2ª EDIÇÃO DE HOJE, QUINTA-FEIRA, DIA 17 DE MAIO DE 2018
CARÍSSIMOS AMIGOS, CARÍSSIMAS AMIGAS
Estivemos hoje durante toda a manhã no TRT acompanhado da professora Ielda Sobreira, do professor Elieser Alves e do professor Gilberto Leitão.
Fomos saber notícias sobre o recurso de revista.
Tivemos a grata satisfação de saber que o recurso de revista havia sido denegado.
Além disso mantivemos vários contatos no TRT, entre eles, com Dr. José Ribamar da Silva da SEJUD e com o desembargador Parente. Com os dois tratamos da retomada das negociações para um eventual acordo. Como se trata de um recomeço de conversa é tudo o que podemos adiantar. O blog é público e não nos permite pormenorizar alguns temas que foram tratados. É a nossa estratégia. Lembramos que foi esse blog que levantou o véu que encobria como um grande segredo o processo do PISO SALARIAL. Não estamos fazendo mistério. No momento oportuno outras informações serão socializadas. Escancarar tudo agora seria temerário.
Nunca estivemos omisso como alguém insinua. Em contato telefônico a professora Walda Weyne nos cobrou, de maneira fidalga, a nossa ida ao TRT. Comprometemo-nos a ir até sexta-feira (dia 18). Fomos hoje (dia 17). Cumprimos o prometido. Aceitamos cobranças e críticas civilizadas. Repelimos com veemência as agressões, as insinuações maliciosas, as acusações levianas eivadas de revanchismo. Os detratores sabem, mas preferem ignorar, como é complicado dirigir um sindicato à beira da falência. As ocupações do cotidiano não nos permitem contestar todas as leviandades produzidas em rede social. E este blog não é o espaço adequado para tanto.
A categoria precisa urgentemente entender que a cizânia injetada por alguns só fragiliza a categoria tornando mais distante a vitória final.

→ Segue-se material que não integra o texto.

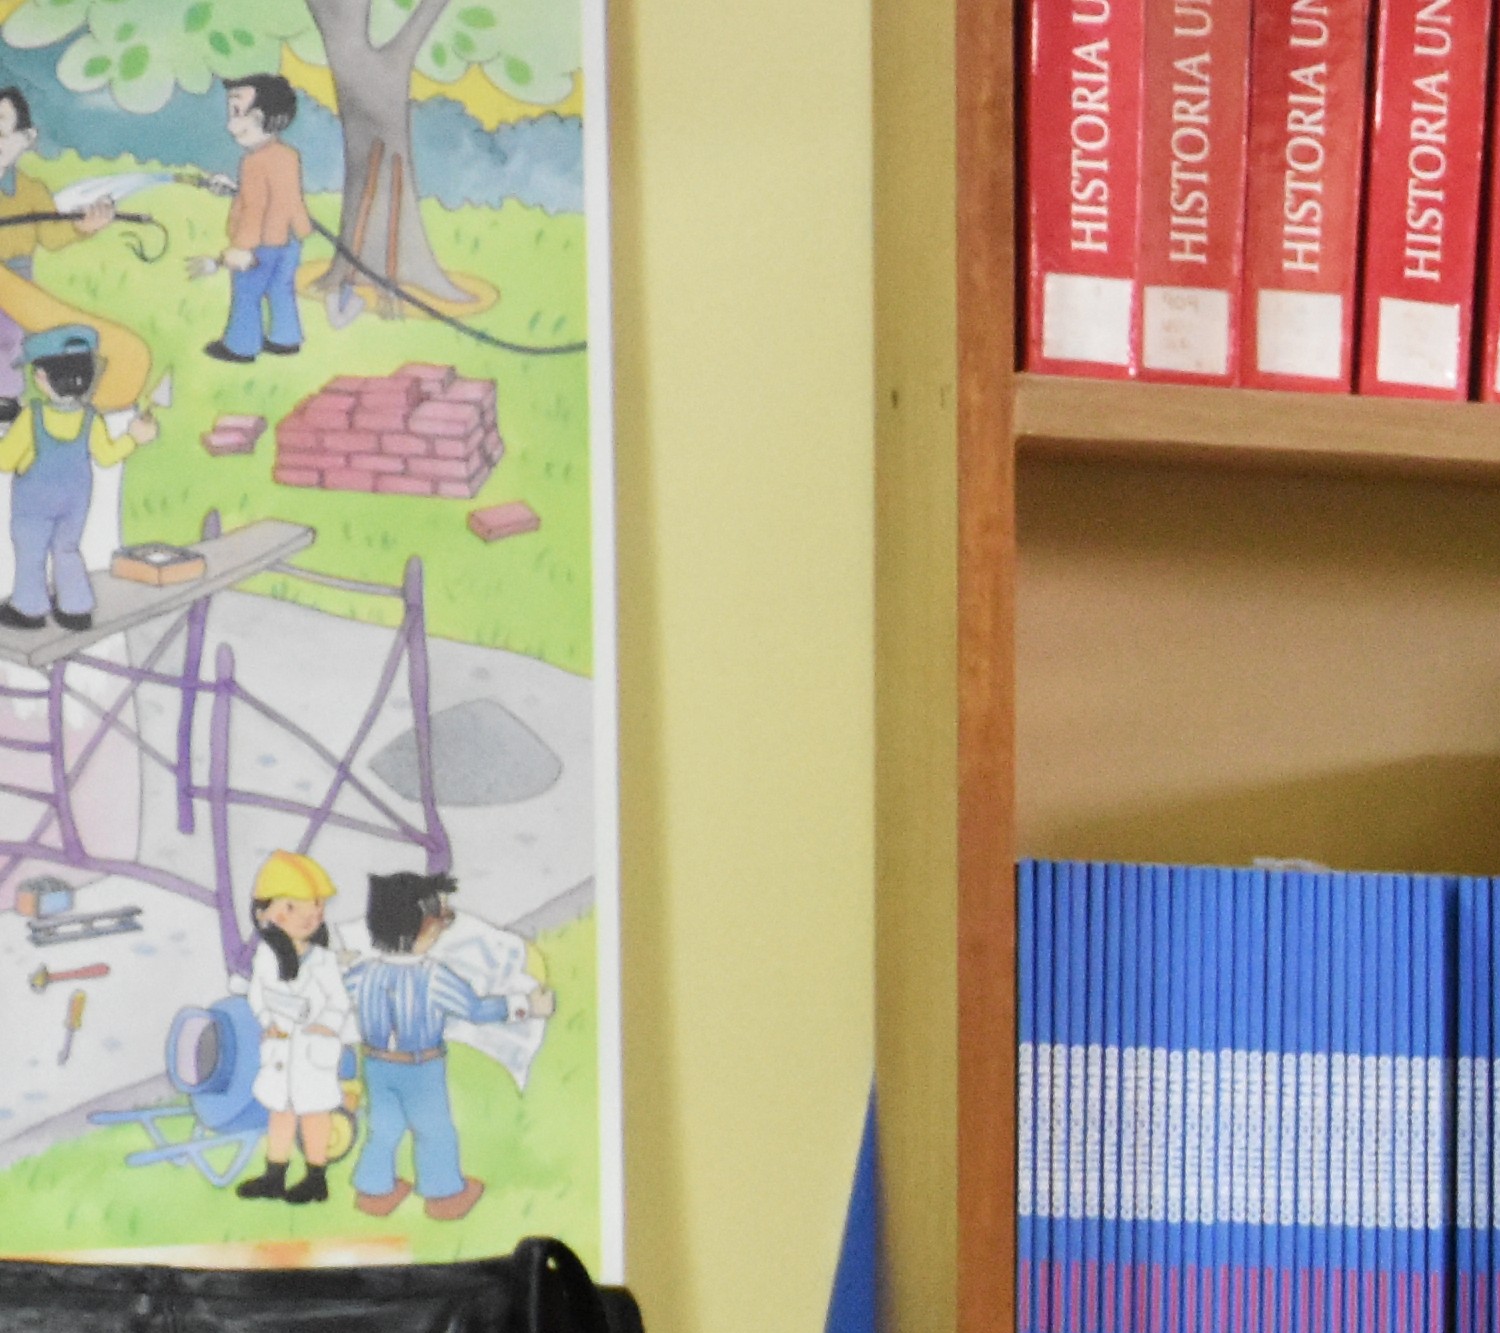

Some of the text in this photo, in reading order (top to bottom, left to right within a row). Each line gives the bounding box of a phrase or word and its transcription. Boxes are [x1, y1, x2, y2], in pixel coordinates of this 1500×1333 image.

Nunca negligenciamos no trato da questão PISO SALARIAL. Não poderíamos, por uma questão de honestidade no trato com os colegas, acenar- lhes com falsas promessas para ganhar o elogio fácil. Só queremos justiça pela inequívoca contribuição que temos dado à causa, muitas vezes trabalhando à mineira.
Necessitamos com urgência desarmar nossos espíritos, abandonar as atitudes bélicas de revanchismo trabalhar pela reconciliação da categoria. Sem essa premissa não iremos a lugar nenhum.
Tudo tem seu tempo determinado,
E há tempo de nascer e de morrer,
Tempo de matar, tempo de curar,
Tempo de chorar e tempo de rir,
Tempo de espalhar pedras e tempo de ajuntar pedras,
Tempo de buscar e tempo de perder,
Tempo de rasgar e tempo de coser,
Tempo de amar e tempo de aborrecer...
Não é falta de tempo, mas sim de discernir o tempo do tempo.